→ Records from a dataset:
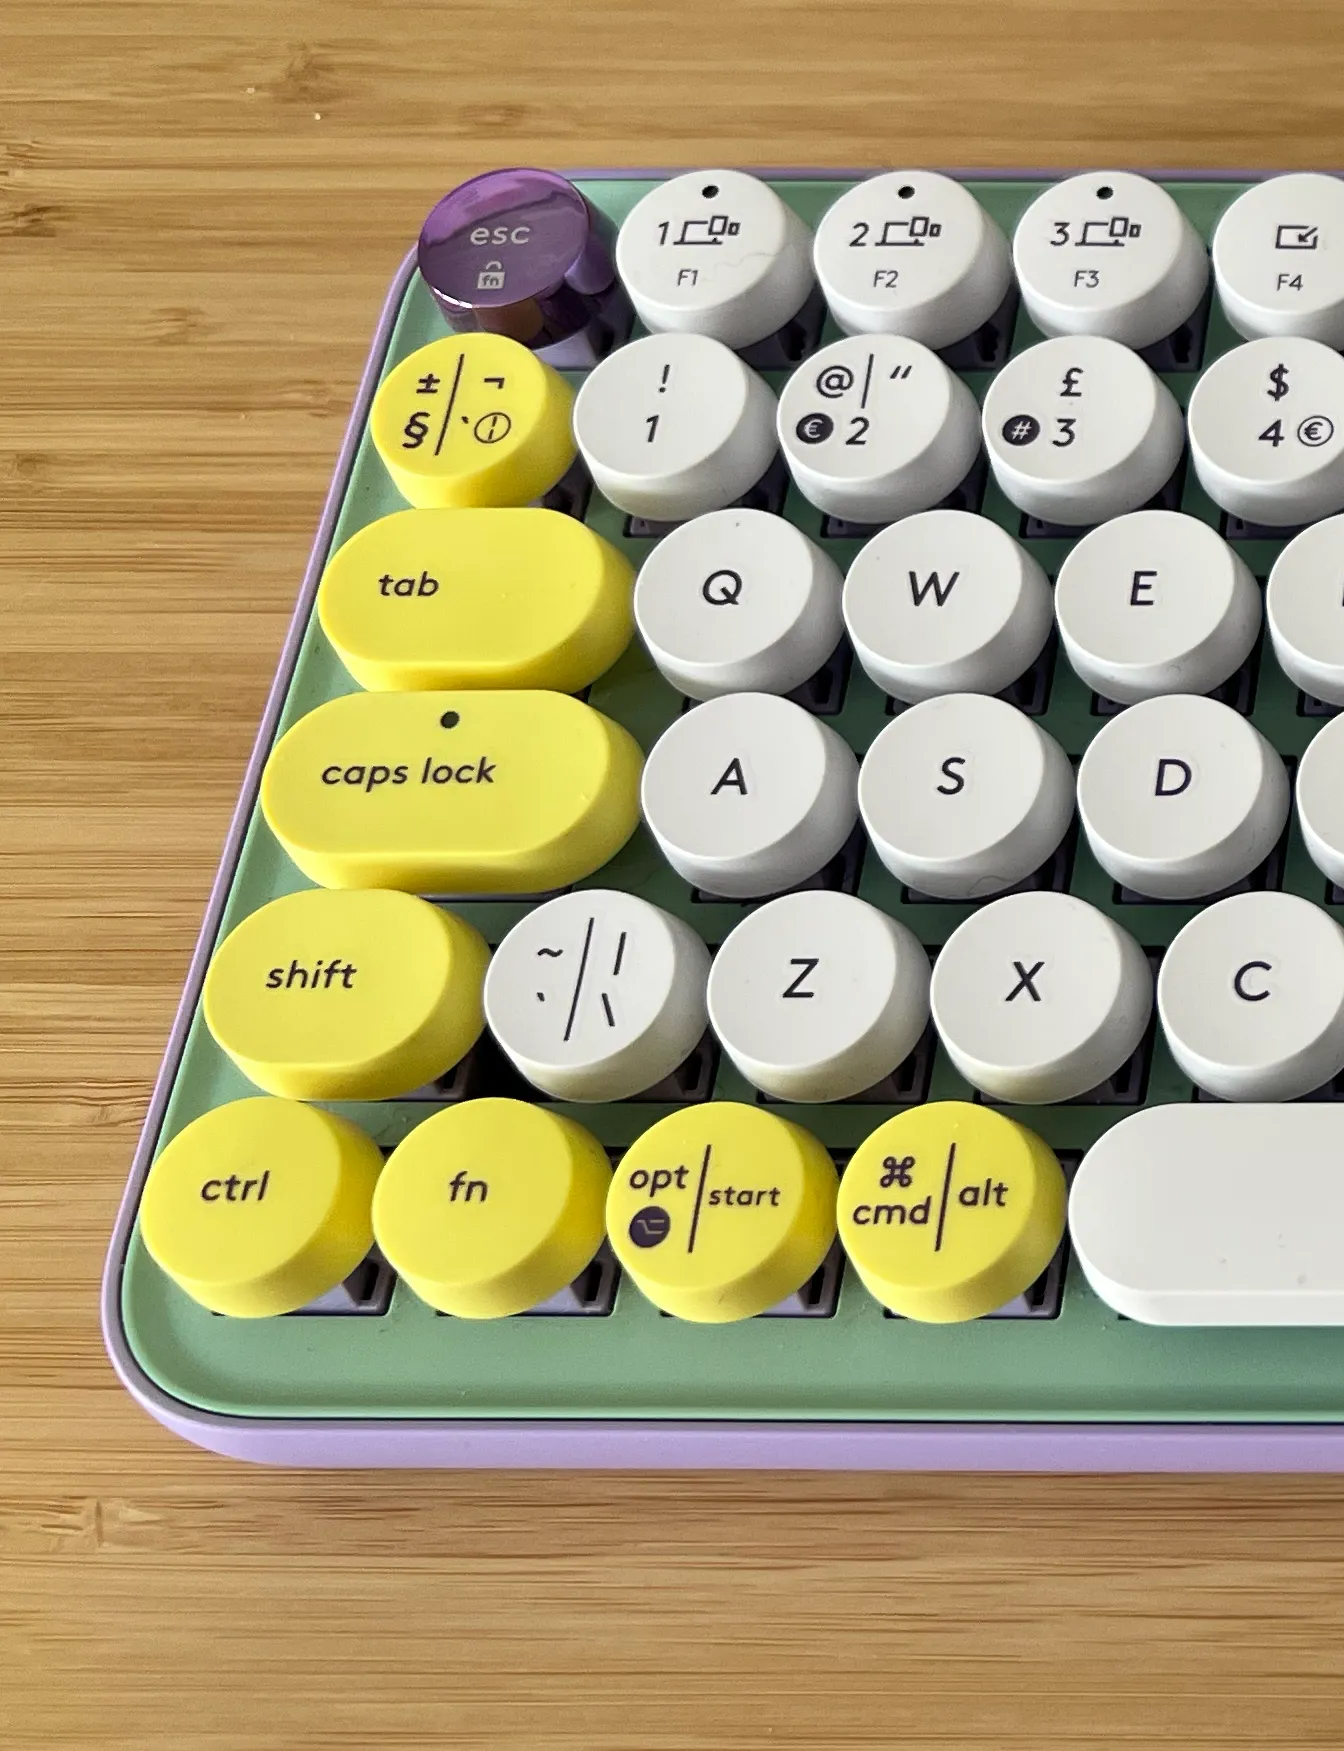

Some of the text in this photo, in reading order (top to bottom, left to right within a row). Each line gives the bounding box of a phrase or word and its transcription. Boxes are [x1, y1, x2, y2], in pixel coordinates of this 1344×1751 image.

[470, 226, 530, 246] esc
[658, 221, 670, 246] 1
[848, 222, 870, 247] 2
[1049, 221, 1070, 247] 3
[481, 273, 500, 287] fn
[677, 268, 699, 287] F1
[873, 269, 899, 289] F2
[1073, 269, 1100, 289] F3
[1276, 273, 1304, 292] F4
[646, 414, 660, 443] 1
[845, 416, 870, 446] 2
[1052, 418, 1077, 448] 3
[1258, 419, 1285, 448] 4
[378, 570, 439, 597] tab
[701, 569, 743, 606] Q
[908, 570, 960, 607] W
[1129, 570, 1158, 607] E
[321, 756, 497, 793] caps lock
[710, 757, 748, 796] A
[936, 756, 966, 796] S
[1154, 758, 1192, 797] D
[265, 959, 358, 989] shift
[782, 958, 820, 999] Z
[1004, 961, 1045, 1002] X
[1233, 960, 1273, 1002] C
[201, 1170, 271, 1202] ctrl
[449, 1170, 488, 1202] fn
[629, 1164, 690, 1198] opt
[958, 1177, 1009, 1207] alt
[708, 1186, 781, 1207] start
[852, 1195, 932, 1226] cmd
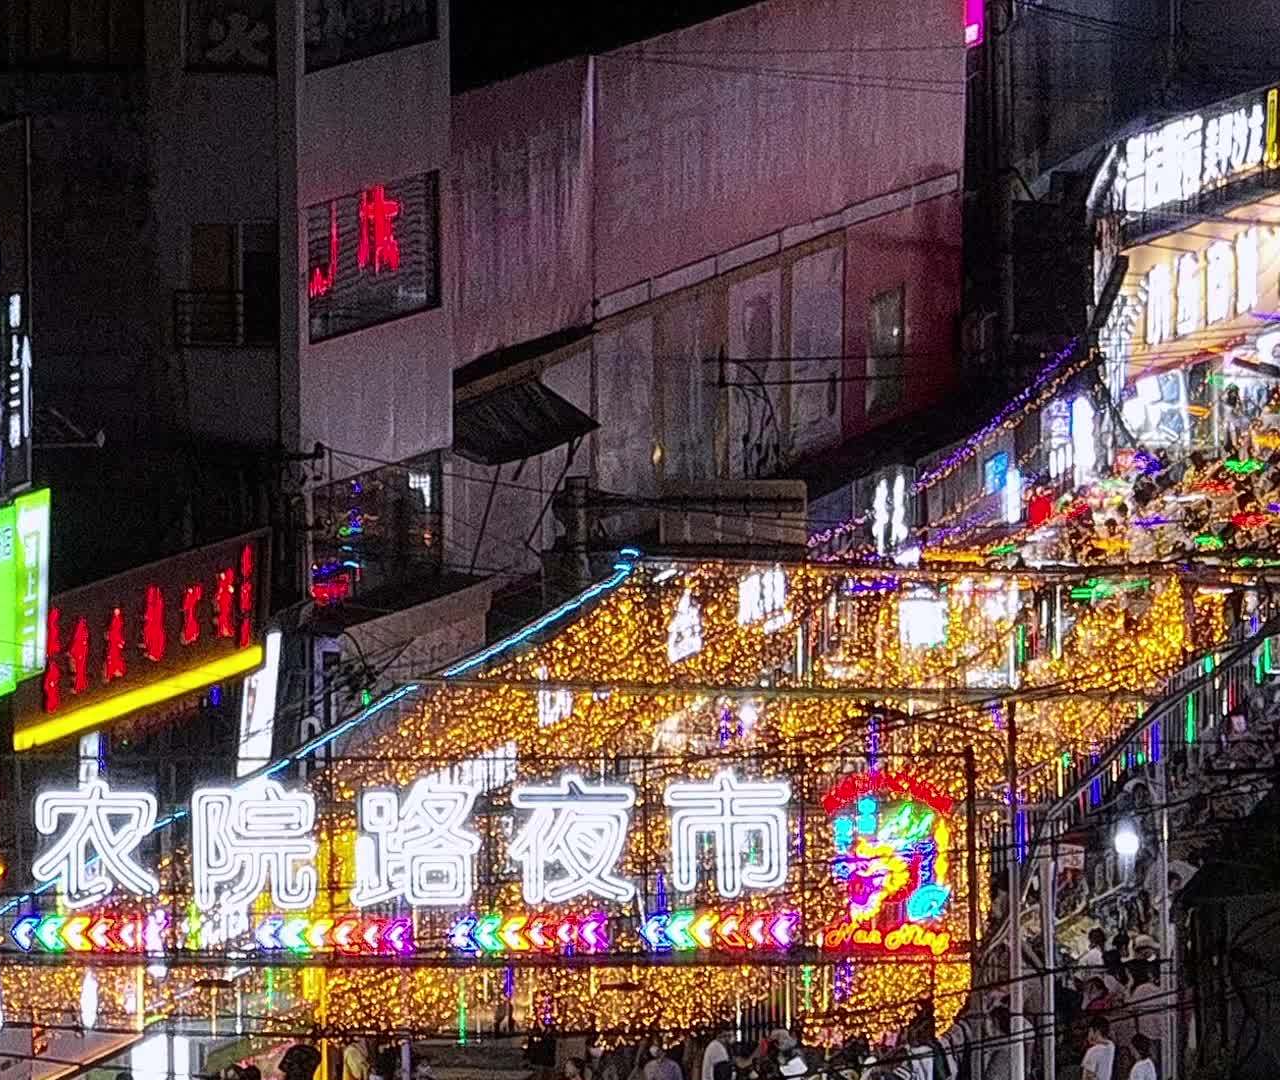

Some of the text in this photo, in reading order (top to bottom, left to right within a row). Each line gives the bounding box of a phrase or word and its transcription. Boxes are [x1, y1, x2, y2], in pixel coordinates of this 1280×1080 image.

[31, 778, 793, 911] 农院路夜市

→ ASSIGNMENT:
Go back to the data above and please quote exactly, and only, the lines from the line with "this 1280×1080 image." through its last line.

→ TASK SOLUTION:
Some of the text in this photo, in reading order (top to bottom, left to right within a row). Each line gives the bounding box of a phrase or word and its transcription. Boxes are [x1, y1, x2, y2], in pixel coordinates of this 1280×1080 image.

[31, 778, 793, 911] 农院路夜市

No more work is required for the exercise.